Selon l’ARPT, Djezzy possède 581 386 clients à la 3G. Il arrive très loin derrière Ooredoo (près de 3 millions de clients). Les chiffres de Mobilis n’ont pas été validés par l’ARPT.
Depuis son arrivée sur le marché algérien, c’est la première fois que Djezzy n’est pas leader sur un segment décisif de la téléphonie mobile.
En cause ? Le retard accumulé pour le lancement de la 3G, à cause des déboires d’OTA avec le fisc et la Banque d’Algérie. Suite à son rachat par Vimpelcom, l’État a fait valoir son droit de préemption et la longue procédure de négociation avait paralysé l’opérateur.

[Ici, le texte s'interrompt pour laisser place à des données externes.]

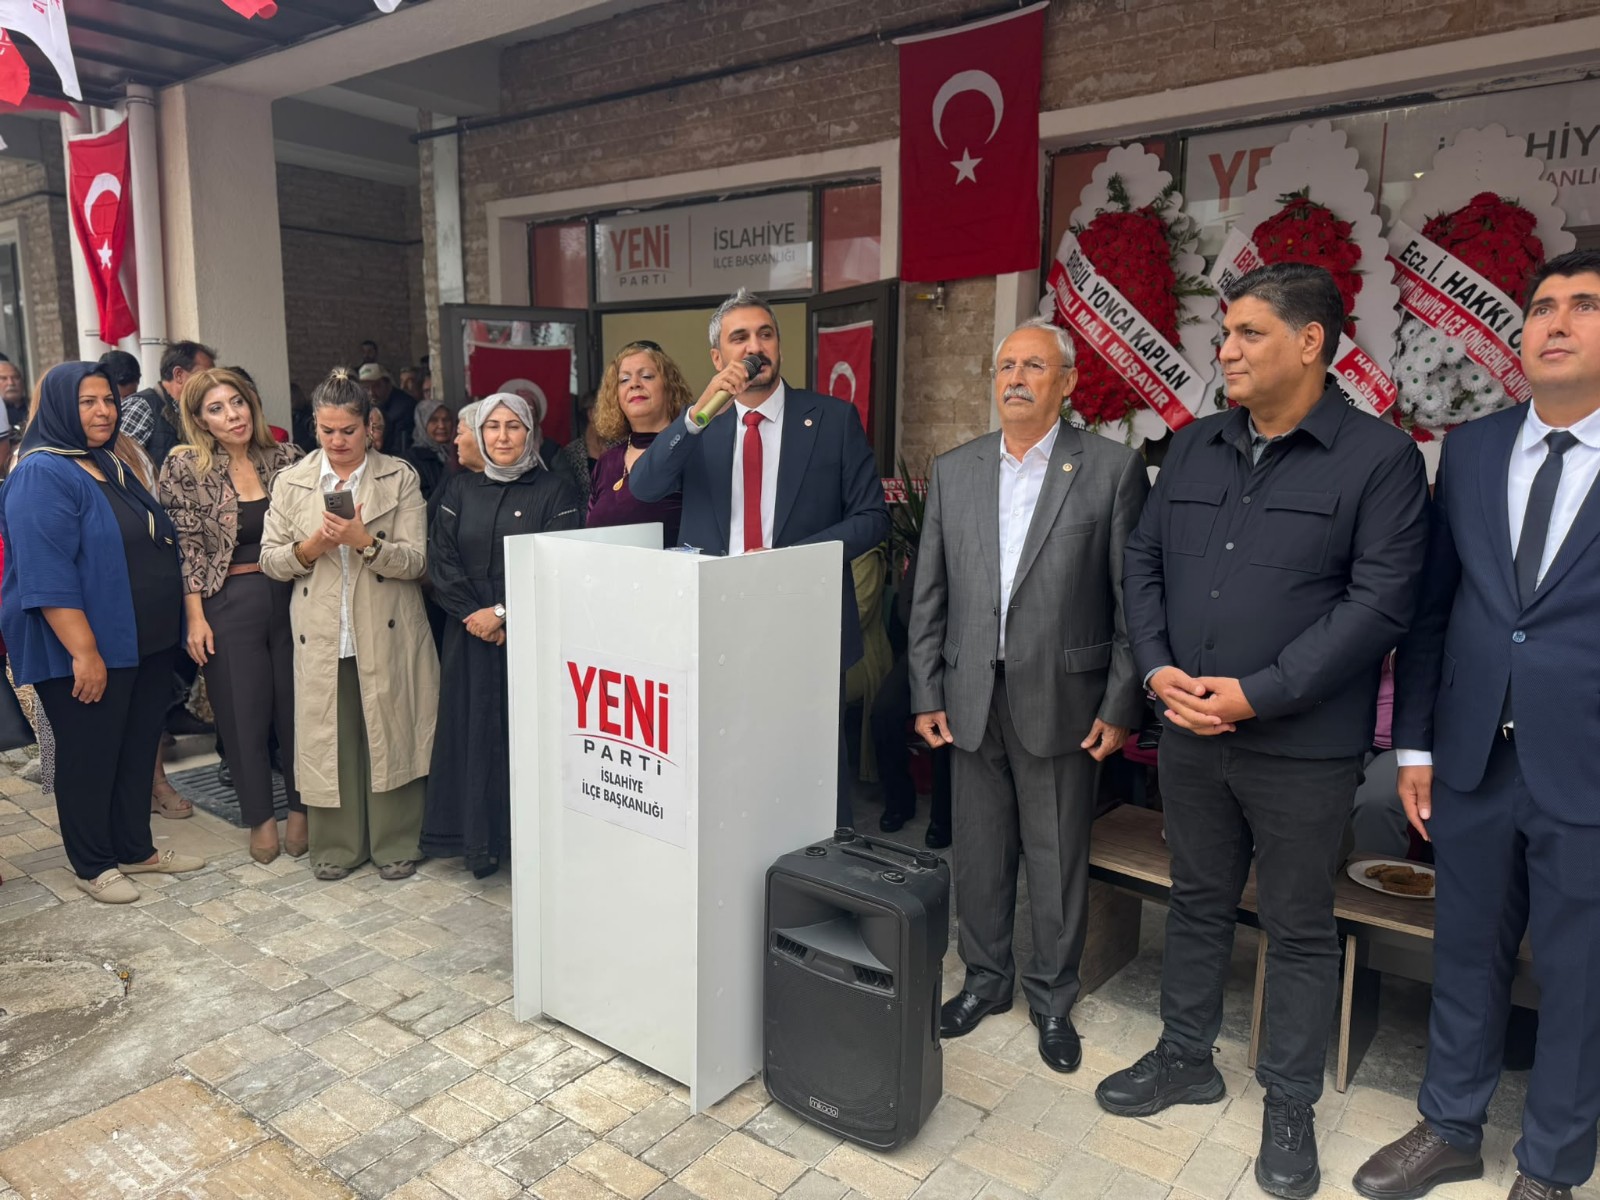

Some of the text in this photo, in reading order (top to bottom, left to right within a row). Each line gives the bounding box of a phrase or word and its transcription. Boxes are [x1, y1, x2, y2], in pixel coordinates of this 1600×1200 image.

[1208, 145, 1275, 213] YE
[713, 220, 795, 251] İSLAHİYE
[1440, 271, 1514, 333] HAKKI
[1088, 281, 1136, 336] YONCA
[1129, 327, 1191, 391] KAPLAN
[1075, 309, 1113, 346] MALİ
[1106, 341, 1170, 409] MÜŞAVİR
[1354, 353, 1395, 396] HAYIRLI
[1344, 369, 1380, 406] OLSUN
[1503, 364, 1532, 402] HAYIR
[582, 778, 664, 820] İLÇE BAŞKANLIĞI
[600, 766, 644, 794] İSLAHİYE

Ainsi, les abonnés « classiques » de Djezzy n’ont pas attendu avant de migrer directement vers les autres opérateurs pour accéder à la 3G dès décembre 2014, date le lancement de cette technologie.
Mais pas seulement. Djezzy semble être moins fort dans le domaine qui a fait ses succès passés : le marketing qui a été la marque de fabrique de l’opérateur. Djezzy est, par exemple, à l’origine d’un mot rentré dans le quotidien des algériens : « flexy ». Cependant, on remarque depuis quelques années une forme de relâchement et un manque de vision de la part de l’ancienne équipe dirigeante.
Un canard boiteux dans le giron de l’État
Au début de l’année, Djezzy a été racheté à 51% par l’État algérien, qui hérite, pour la somme de 2,6 milliards de dollars, valorisant l’opérateur à 5,2 milliards de dollars, de ce qui ressemble de plus en plus à un « canard boiteux ». En effet, les marges de l’opérateur s’érodent fortement depuis plusieurs années, marquant une perte de vitesse fulgurante pour l’opérateur, le tout dans un contexte d’instabilité managériale.
À l’issue d’une guerre d’usure avec le président Vincenzo Nesci, le directeur général Philippe Tohmé a été remercié au début de l’année. Le directeur commercial est sur la sellette. Le plus inquiétant est que les conflits ne portaient visiblement pas sur des considérations techniques ou managériales.
Pour Vimpelcom, la maison-mère de Djezzy, c’est une très bonne affaire, quels que soient les résultats futurs de Djezzy. Le russe empoche un total de 3,8 milliards de dollars, qui soulage le poids de sa dette à l’international et dont les cours des actions en bourse ont flambé depuis l’annonce de ce rachat. Depuis le 1er janvier, l’action Vimpelcom a gagné près de 30%, grâce à l’acquisition de Djezzy par l’État algérien.
L’État algérien, via le FNI, entrera au conseil d’administration de Djezzy lors de la prochaine assemblée générale prévue en avril. Il aura un droit de regard sur certaines décisions stratégiques.